Falling Production Costs Boost Margins
Ding Yang, senior analyst at Kallanish Commodities, noted that profit margins in the steel sector have widened as raw material prices—particularly thermal coal and coking coal—declined faster than steel prices. He added that production curbs have also contributed to the recovery, pointing out that nearly all mills are seeking to further reduce costs in the second half of the year. These developments reflect China’s push to rein in excess capacity in key industries and curb excessive competition that has eroded profits and driven deflationary pressures. As a result, steel output in July fell below 80 million tons nationwide, the lowest level for that month since 2017.
Major Producers Cut Losses
Earnings reports released this week showed that Maanshan Iron & Steel and Angang Steel narrowed their losses, while Baoshan Iron & Steel—the listed unit of the world’s largest steel producer—posted a 7% increase in first-half net income.

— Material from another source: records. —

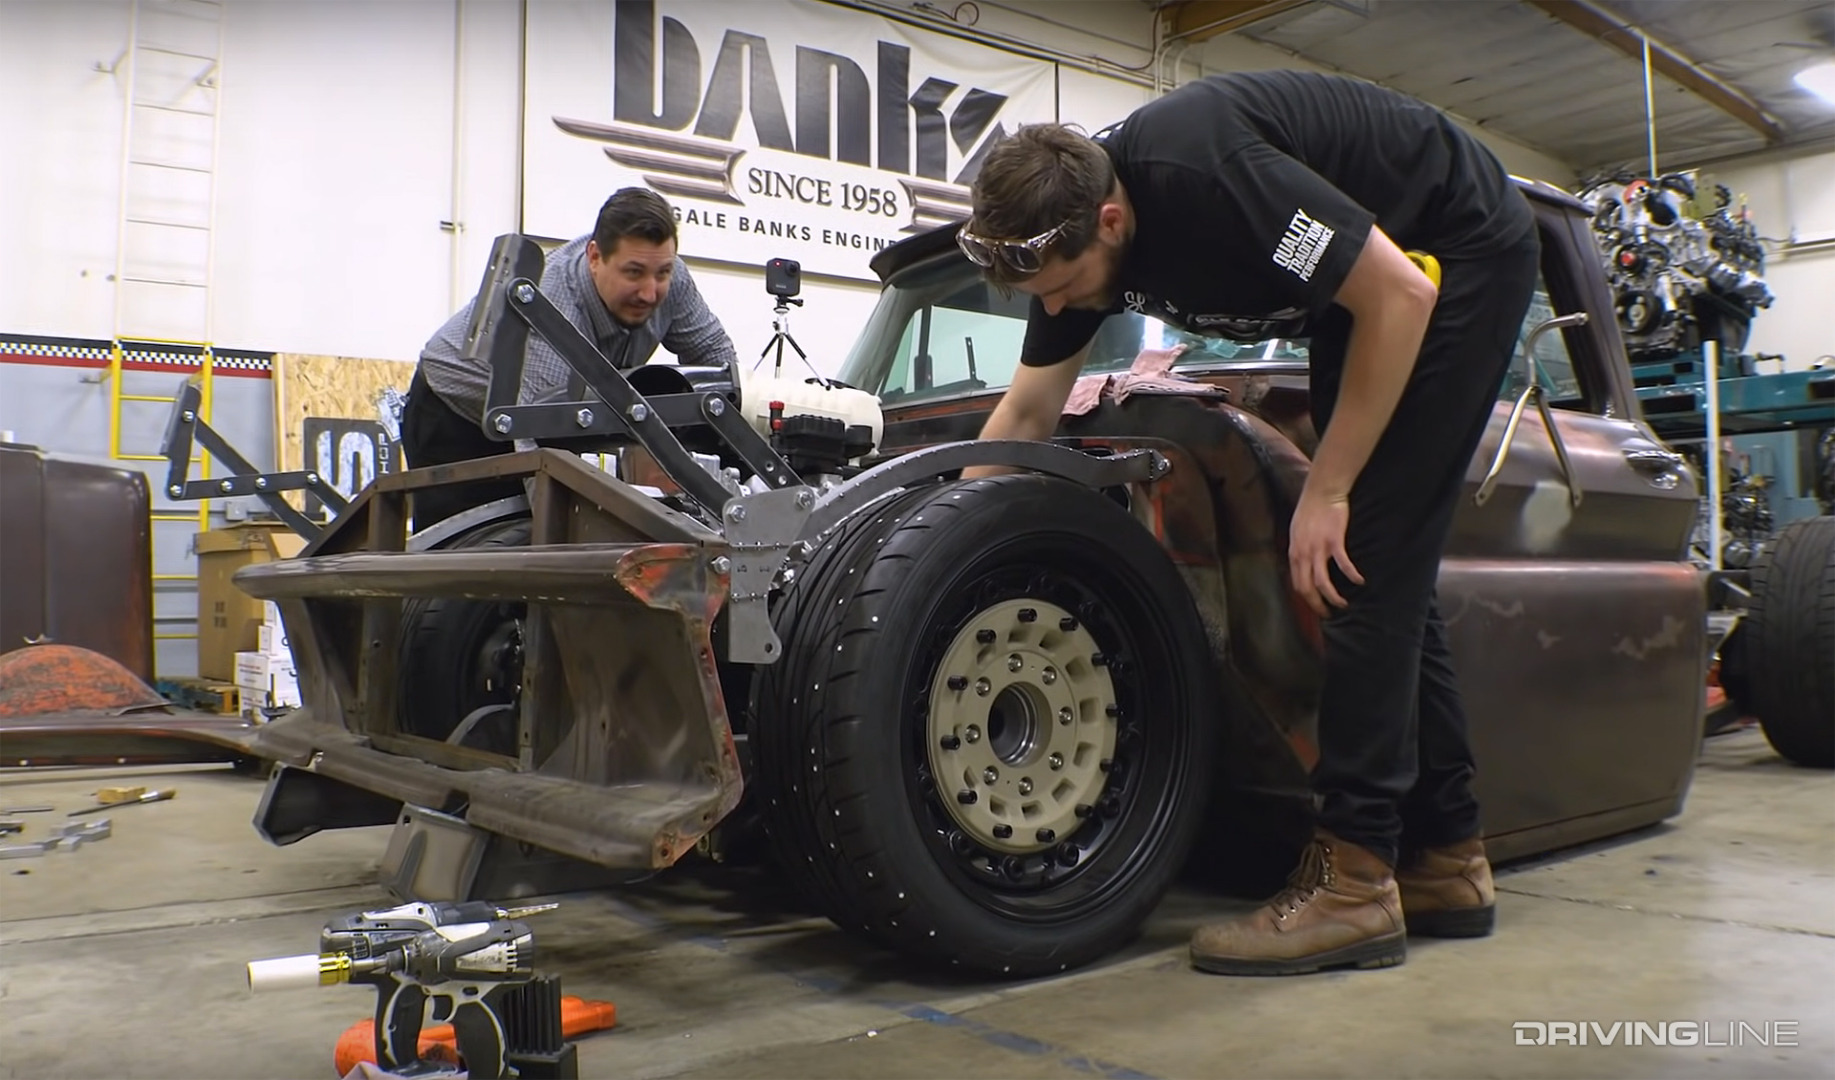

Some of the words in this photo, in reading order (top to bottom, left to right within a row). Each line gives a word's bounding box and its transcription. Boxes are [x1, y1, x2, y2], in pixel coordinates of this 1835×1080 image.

[748, 167, 832, 206] SINCE
[840, 183, 898, 217] 1958
[672, 207, 727, 228] GALE
[739, 217, 811, 241] BANKS
[1272, 208, 1312, 267] QUALITY
[1287, 219, 1325, 274] TRADITION
[1299, 226, 1335, 282] PERFORMANCE

Exports Support Performance Despite Challenges
Lower raw material costs have partly boosted profitability, while exports remained steady at around 10 million tons per month, despite protective tariffs imposed in many markets. Company forecasts, however, were mixed: Maanshan said it aims to return to full-year profitability, while Baosteel warned that trade barriers could weigh on exports, even though they have been a key driver of profits so far.
Improvement in Futures Markets
In commodity markets, hot-rolled coil futures on the Shanghai Futures Exchange rose 0.3% to 3,359 yuan per ton after hitting their lowest close since 2020 in June. Rebar futures also gained 0.2%, alongside rising iron ore prices in both the Dalian and Singapore exchanges.